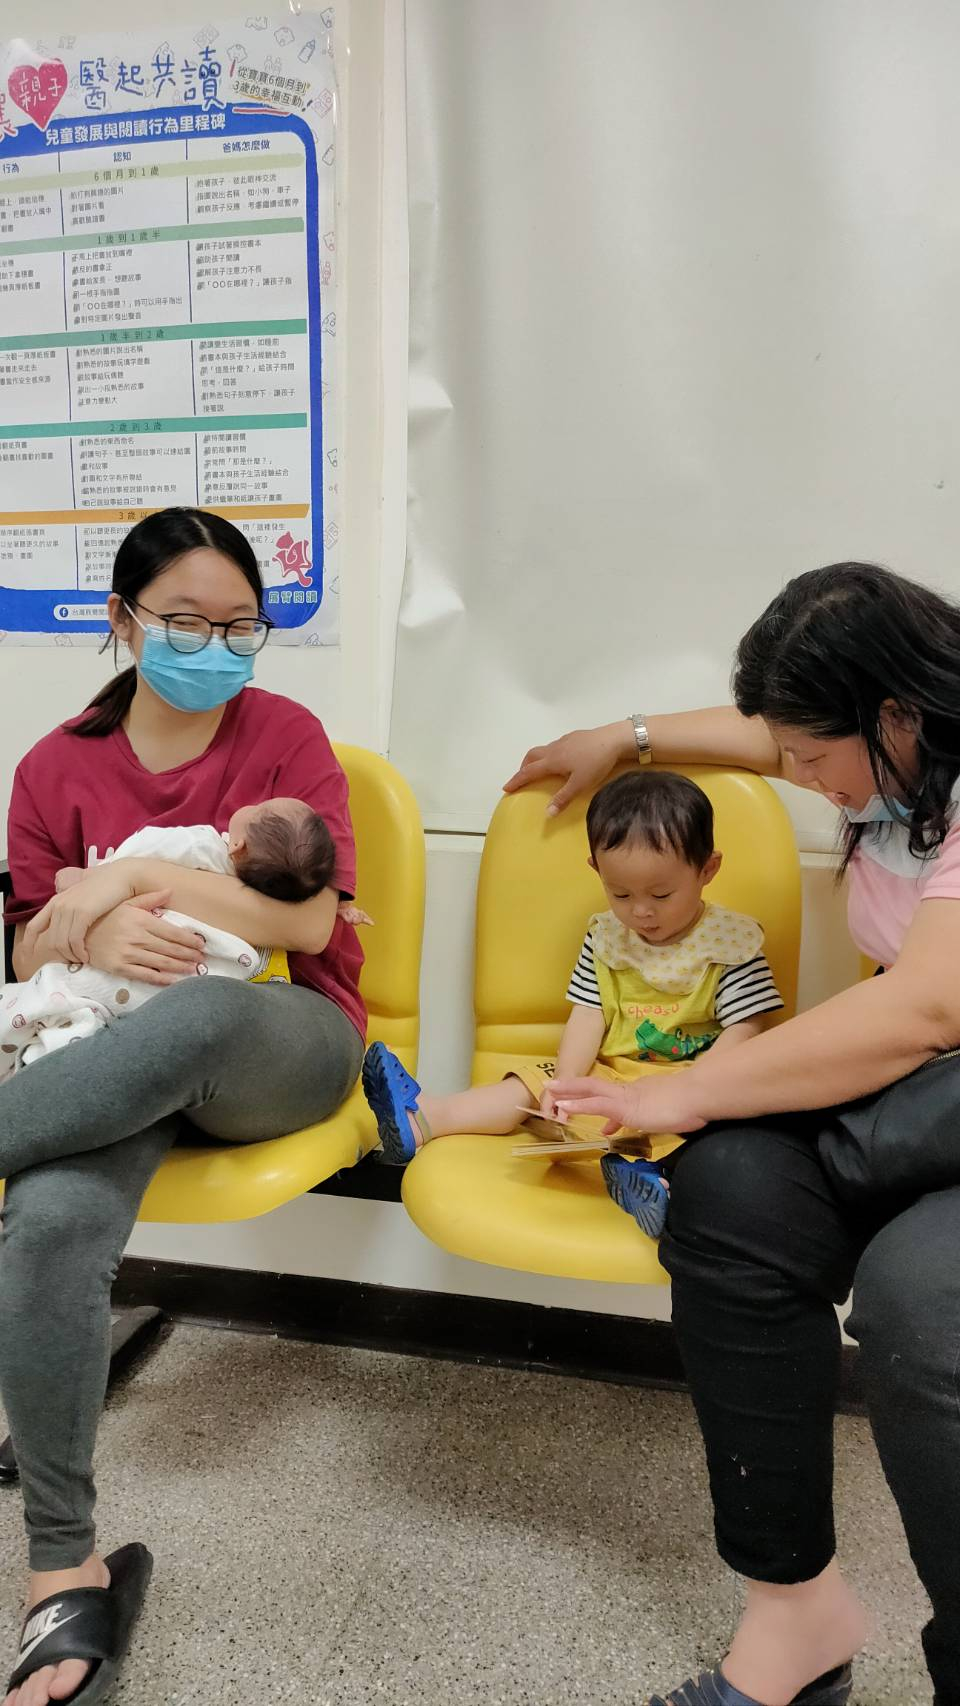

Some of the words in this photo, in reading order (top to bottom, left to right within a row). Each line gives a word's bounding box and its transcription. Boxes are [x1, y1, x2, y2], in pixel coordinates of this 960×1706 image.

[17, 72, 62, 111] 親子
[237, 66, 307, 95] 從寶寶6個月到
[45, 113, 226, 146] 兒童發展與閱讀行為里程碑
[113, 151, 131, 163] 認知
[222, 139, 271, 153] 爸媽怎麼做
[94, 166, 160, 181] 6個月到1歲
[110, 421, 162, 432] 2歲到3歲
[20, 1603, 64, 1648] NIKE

Instructions to follow -
Leaving the pictures out, output the material exactly as it appears.

Answer to this problem -
Some of the words in this photo, in reading order (top to bottom, left to right within a row). Each line gives a word's bounding box and its transcription. Boxes are [x1, y1, x2, y2], in pixel coordinates of this 960×1706 image.

[17, 72, 62, 111] 親子
[237, 66, 307, 95] 從寶寶6個月到
[45, 113, 226, 146] 兒童發展與閱讀行為里程碑
[113, 151, 131, 163] 認知
[222, 139, 271, 153] 爸媽怎麼做
[94, 166, 160, 181] 6個月到1歲
[110, 421, 162, 432] 2歲到3歲
[20, 1603, 64, 1648] NIKE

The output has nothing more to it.